Much has been written about the history of these tests, and we have described the differences between the ACT and the SAT elsewhere on this blog. Suffice it to say that the growth of these two tests can be attributed to colleges’ need for some sort of thumbnail comparison of students across schools, across states, and across curricula. The fact is that with 14,000 school districts and perhaps 2,000 more private high schools in the US, there is little standardization from one school to the next. So it has always been difficult to judge the correlation of 4.0 GPA from an inner-city high school on the South Side of Chicago from a 4.0 GPA from Phillips Exeter. Supposedly, the standardized tests are a leveler–they help admissions folks compare students from different schools in different parts of the country.
Unfortunately, it doesn’t work that way. Here’s some reasons why.
First, there is no correlation between success on these tests and success in college. This correlation is generally assumed to exist: if you do better on the exams, you are therefore smarter and better able to succeed in college. In fact, research undertaken by Bates College in Maine demonstrates confirms the absence of any such correlation.
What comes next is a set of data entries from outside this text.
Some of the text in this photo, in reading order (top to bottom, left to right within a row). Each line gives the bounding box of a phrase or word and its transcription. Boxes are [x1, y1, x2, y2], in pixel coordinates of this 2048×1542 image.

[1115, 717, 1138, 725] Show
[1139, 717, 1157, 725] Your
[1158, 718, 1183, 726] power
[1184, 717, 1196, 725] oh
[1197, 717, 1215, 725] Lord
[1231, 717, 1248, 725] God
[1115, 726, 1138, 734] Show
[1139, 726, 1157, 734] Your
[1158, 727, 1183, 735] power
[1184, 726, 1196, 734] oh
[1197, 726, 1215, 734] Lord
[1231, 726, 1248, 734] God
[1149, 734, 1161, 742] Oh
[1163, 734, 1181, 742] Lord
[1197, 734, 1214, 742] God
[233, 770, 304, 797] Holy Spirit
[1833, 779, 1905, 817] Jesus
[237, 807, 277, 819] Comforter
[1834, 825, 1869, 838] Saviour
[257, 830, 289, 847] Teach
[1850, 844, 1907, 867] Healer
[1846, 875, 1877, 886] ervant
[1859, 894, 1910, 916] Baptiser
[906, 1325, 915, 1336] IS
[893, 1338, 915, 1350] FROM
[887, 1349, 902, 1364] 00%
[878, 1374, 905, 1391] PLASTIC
Second, the SAT and ACT tests are not “levelers.” Quite the opposite. What research we do have on these tests demonstrates that students of lower socio-economic classes do worse on these exams than do students from more affluent backgrounds.
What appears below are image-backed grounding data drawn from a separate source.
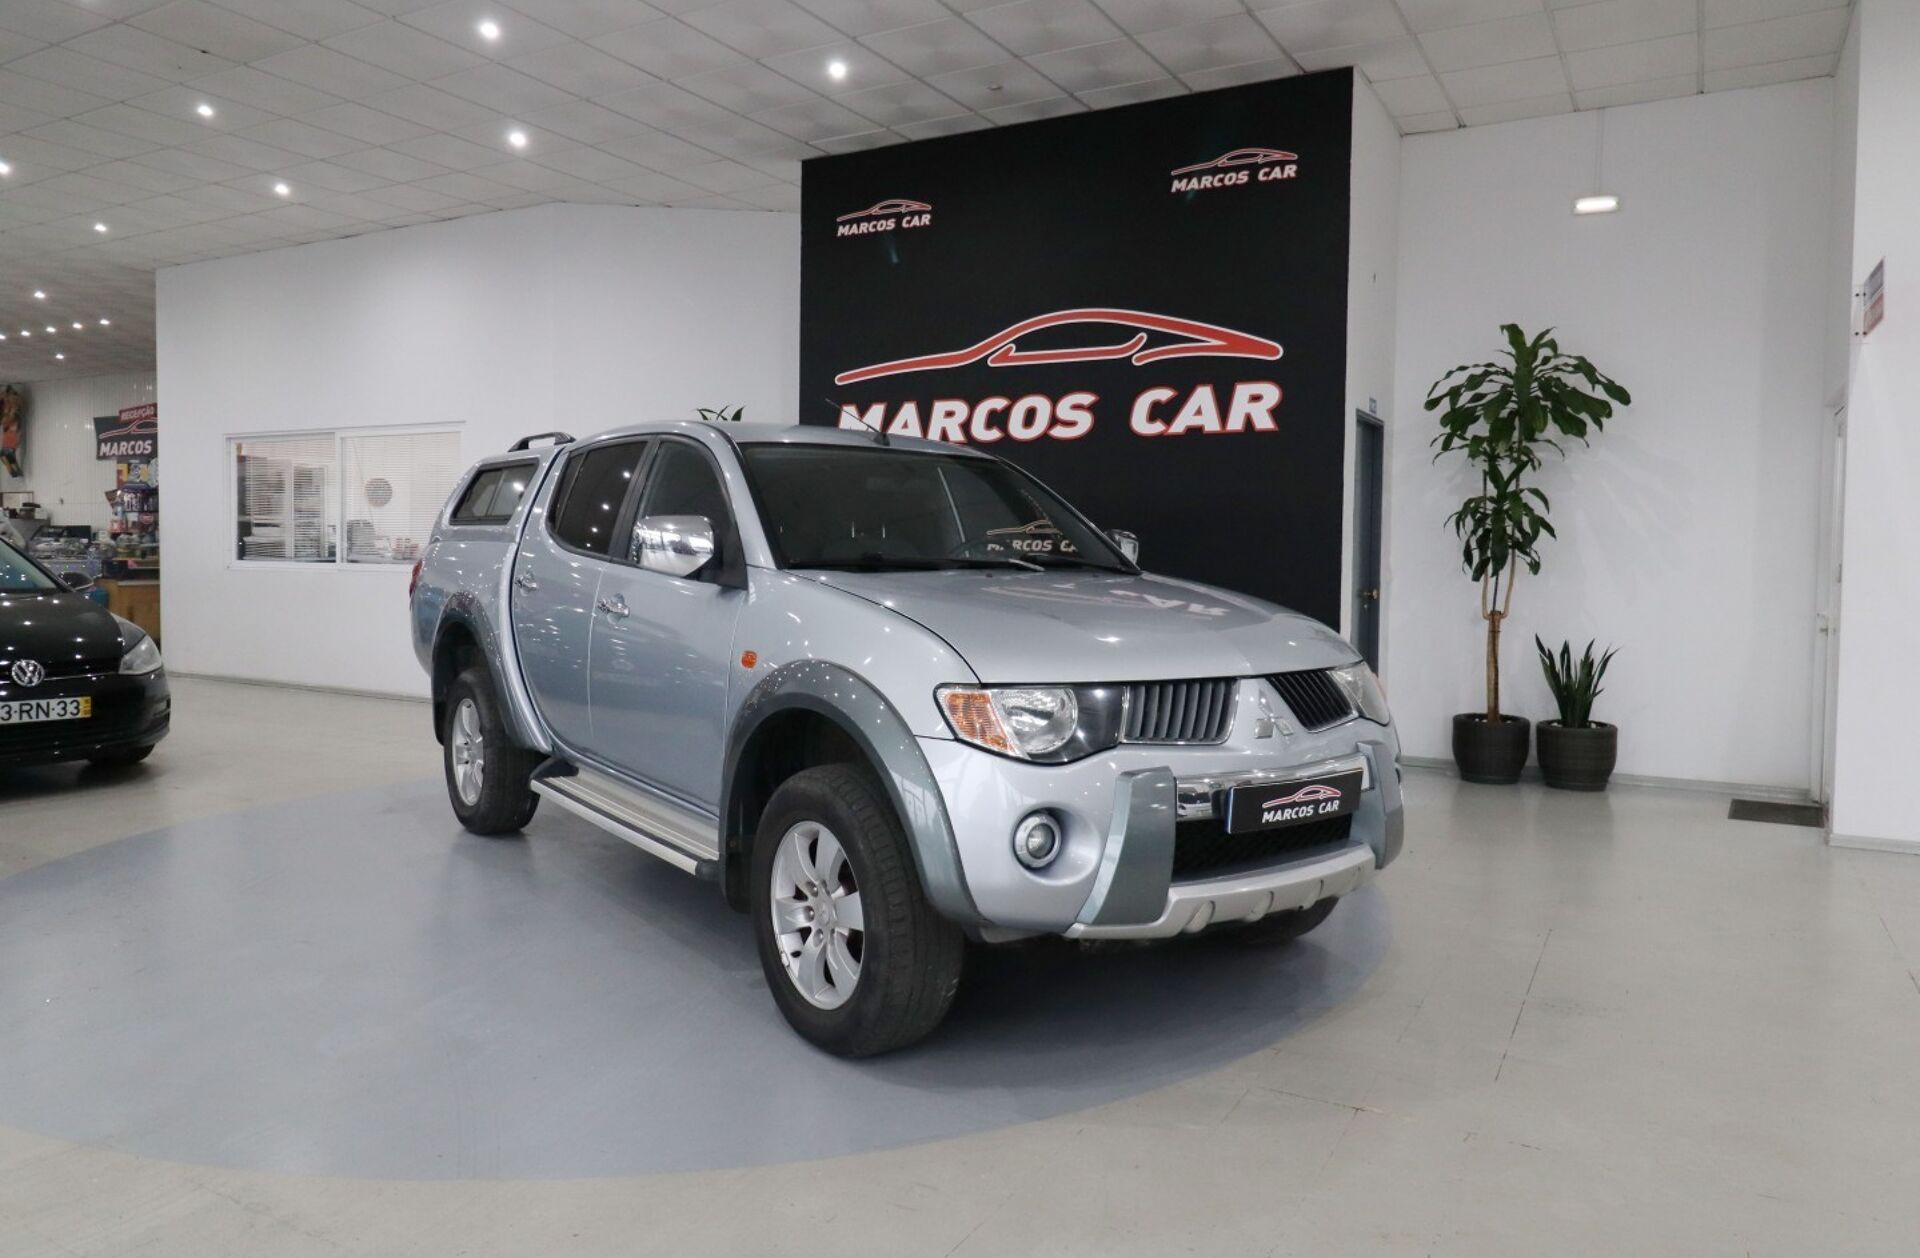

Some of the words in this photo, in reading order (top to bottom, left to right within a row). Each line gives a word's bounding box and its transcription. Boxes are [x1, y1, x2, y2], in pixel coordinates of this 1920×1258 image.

[1171, 170, 1250, 193] MARCOS
[1258, 164, 1297, 181] CAR
[837, 218, 896, 237] MARCOS
[902, 213, 931, 228] CAR
[838, 391, 1099, 444] MARCOS
[1129, 380, 1282, 436] CAR
[99, 440, 153, 457] MARCOS
[1261, 804, 1315, 824] MARCOS
[1318, 799, 1340, 814] CAR
Third, these tests do not really measure either intellectual capacity or aptitude; they measure performance on these specific tests. It is possible, therefore, to cram for these tests and improve scores–without taking more high school courses or taking steroids to improve brain capacity. Thus, a multi-billion dollar test prep industry has developed to help students cram for the tests. While not all test prep courses or tutoring will lead to a significant score increase, some test prep can lead to dramatic increases. A recent study from the National Association for College Admission Counseling (NACAC) indicates that test prep courses and tutoring will raise scores, on average, by only 20 or 30 points on the SAT tests and perhaps only a point on the ACT.
However, I have seen students make very dramatic gains by working one-on-one with a very experienced, very talented private tutor. Thus my interpretation of the NACAC data is that most test prep is pretty lackluster. If a student really wants to raise his score, he will have to seek stronger test prep services from those who know what they are doing.
I don’t recommend test preparation for all my clients. Much depends on what sort of schools interest them, and whether their first round of testing was good enough to allow them to achieve their goals. But if their scores fall short of those goals, I will work with them to identify good resources to help them do their best. For while I don’t think that these scores have much to say about a student’s abilities or potential, they have become very important in competitive college admissions.